:: Data to process ::

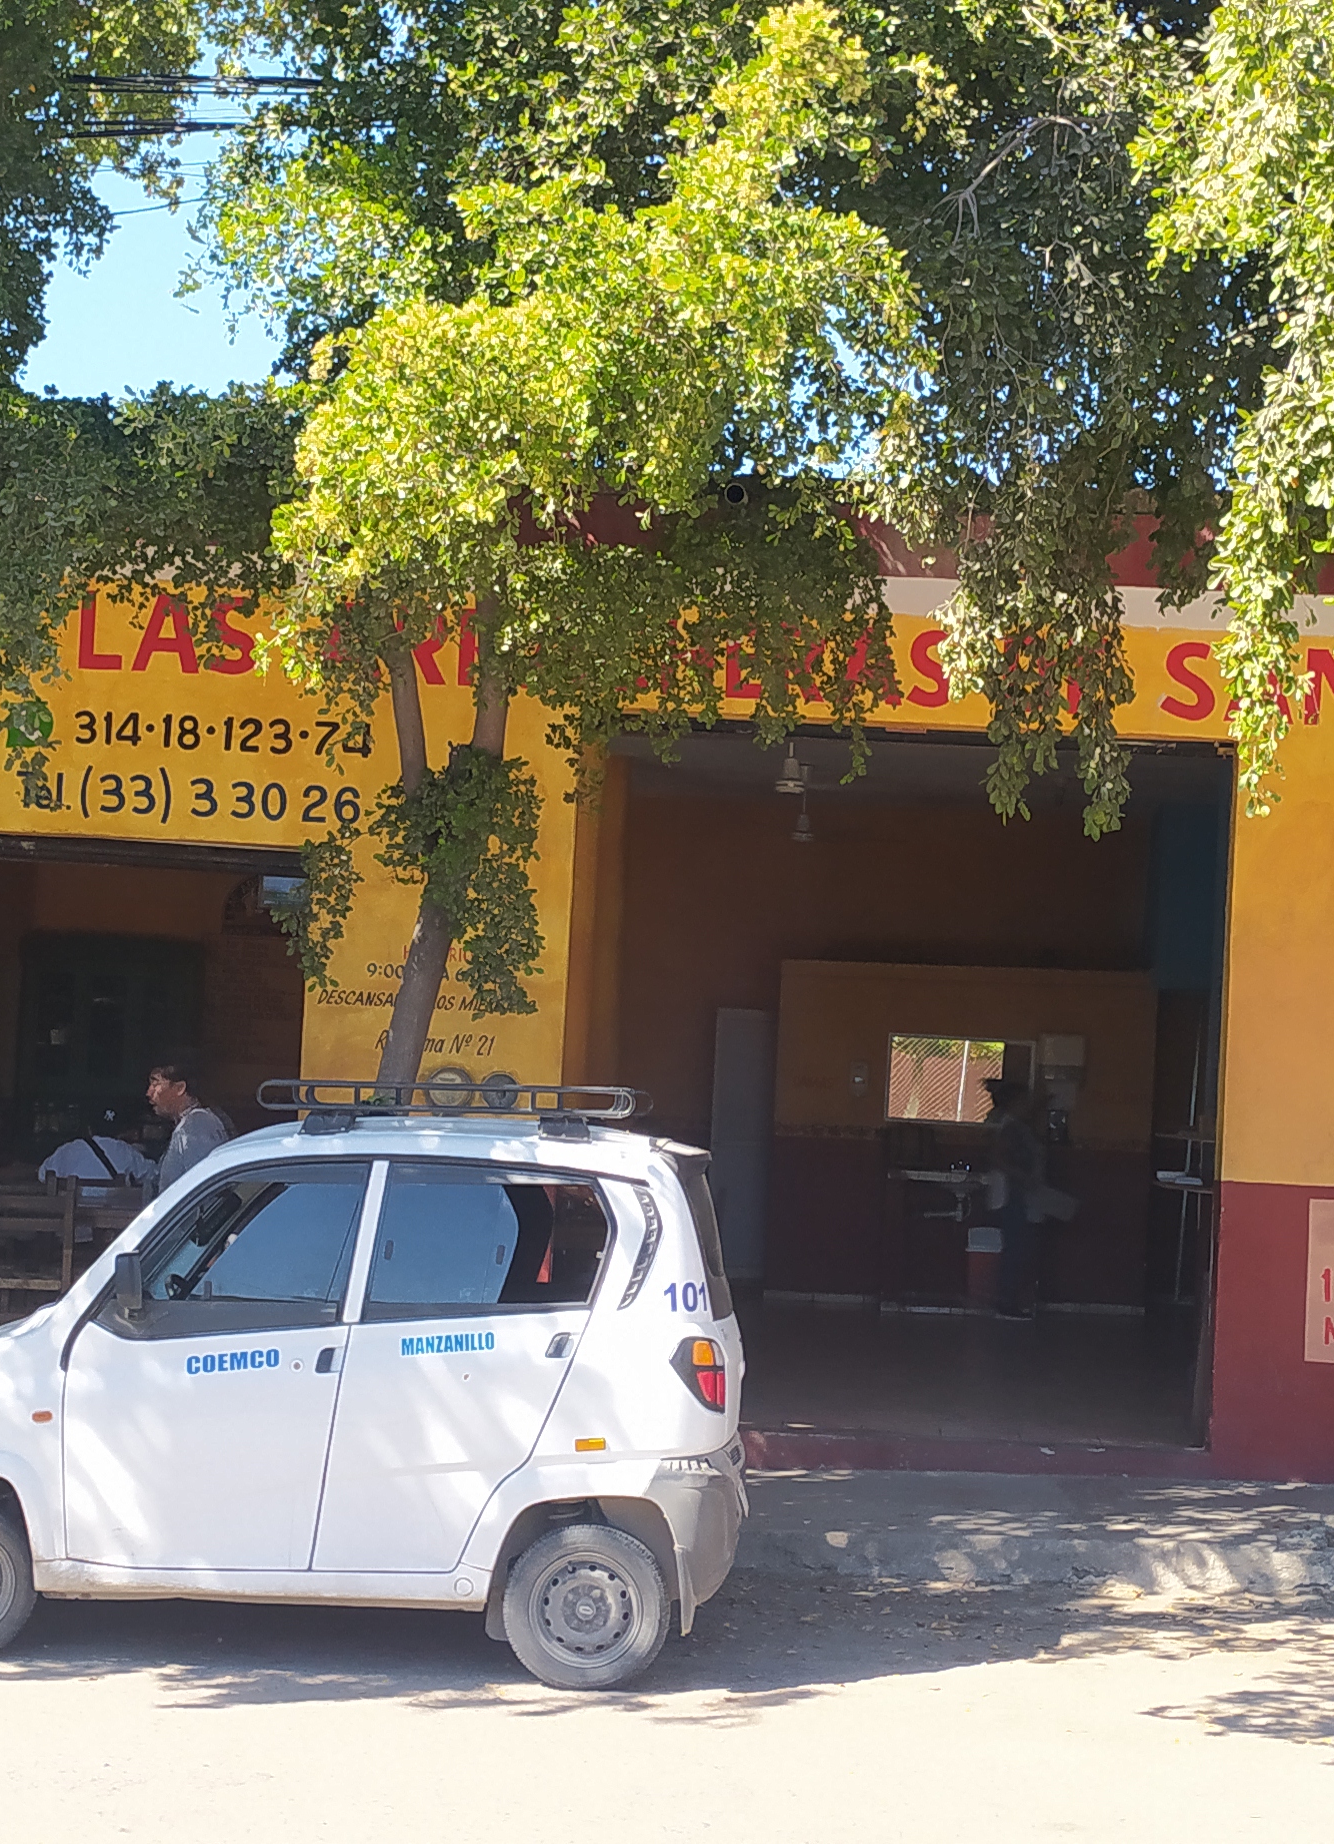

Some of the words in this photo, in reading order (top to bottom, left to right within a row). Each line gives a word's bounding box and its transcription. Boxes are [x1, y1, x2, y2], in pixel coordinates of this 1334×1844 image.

[77, 590, 255, 675] LAS
[80, 764, 172, 825] (33)
[190, 778, 218, 817] 3
[230, 781, 287, 821] 30
[302, 785, 361, 824] 26
[476, 1034, 496, 1057] 21
[663, 1281, 708, 1313] 101
[401, 1331, 496, 1358] MANZANILLO
[185, 1348, 281, 1376] COEMCO
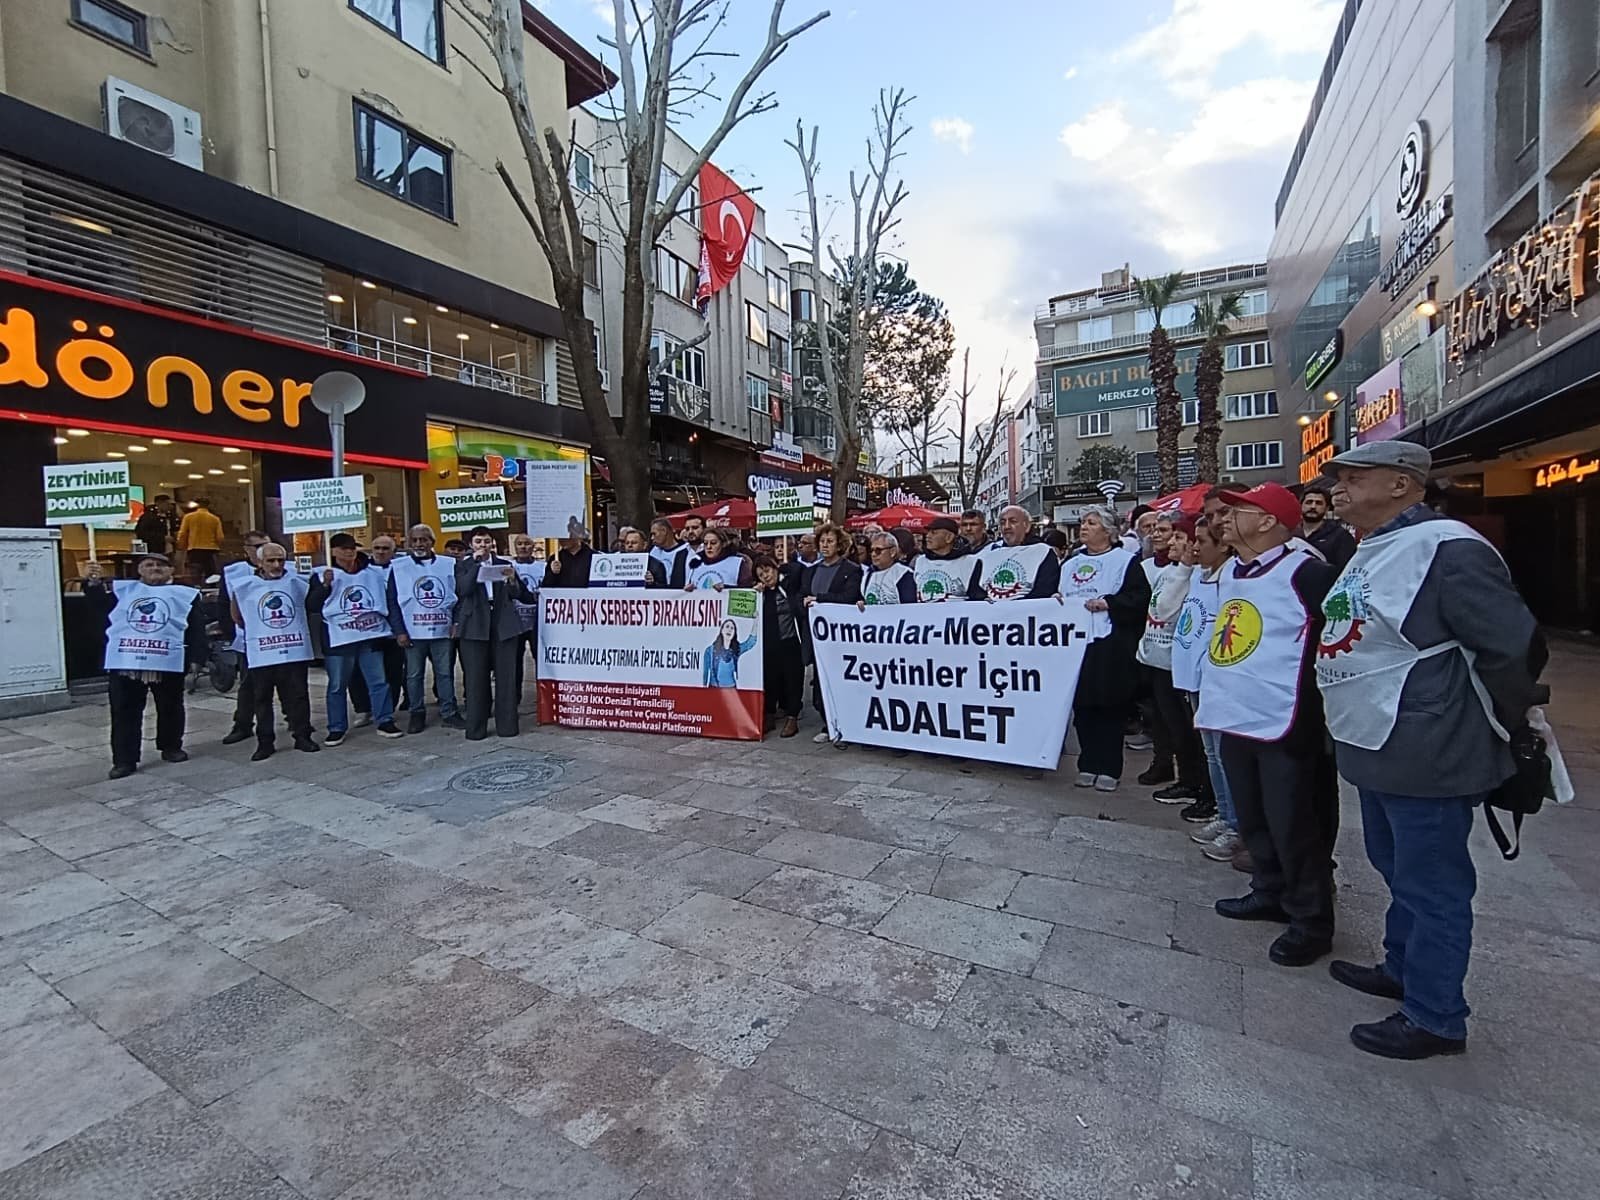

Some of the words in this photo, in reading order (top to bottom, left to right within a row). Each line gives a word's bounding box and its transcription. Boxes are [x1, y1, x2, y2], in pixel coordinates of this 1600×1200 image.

:::

Please repeat everything in the data above except the pictures, exactly as it reads.

Some of the words in this photo, in reading order (top to bottom, left to right within a row). Each line gives a word's bounding box and its transcription. Boxes are [x1, y1, x2, y2], in pixel coordinates of this 1334×1844 image.

[77, 590, 255, 675] LAS
[80, 764, 172, 825] (33)
[190, 778, 218, 817] 3
[230, 781, 287, 821] 30
[302, 785, 361, 824] 26
[476, 1034, 496, 1057] 21
[663, 1281, 708, 1313] 101
[401, 1331, 496, 1358] MANZANILLO
[185, 1348, 281, 1376] COEMCO

Some of the words in this photo, in reading order (top to bottom, left to right within a row). Each line gives a word's bounding box and its transcription. Boxes are [x1, y1, x2, y2], in pixel coordinates of this 1600×1200 image.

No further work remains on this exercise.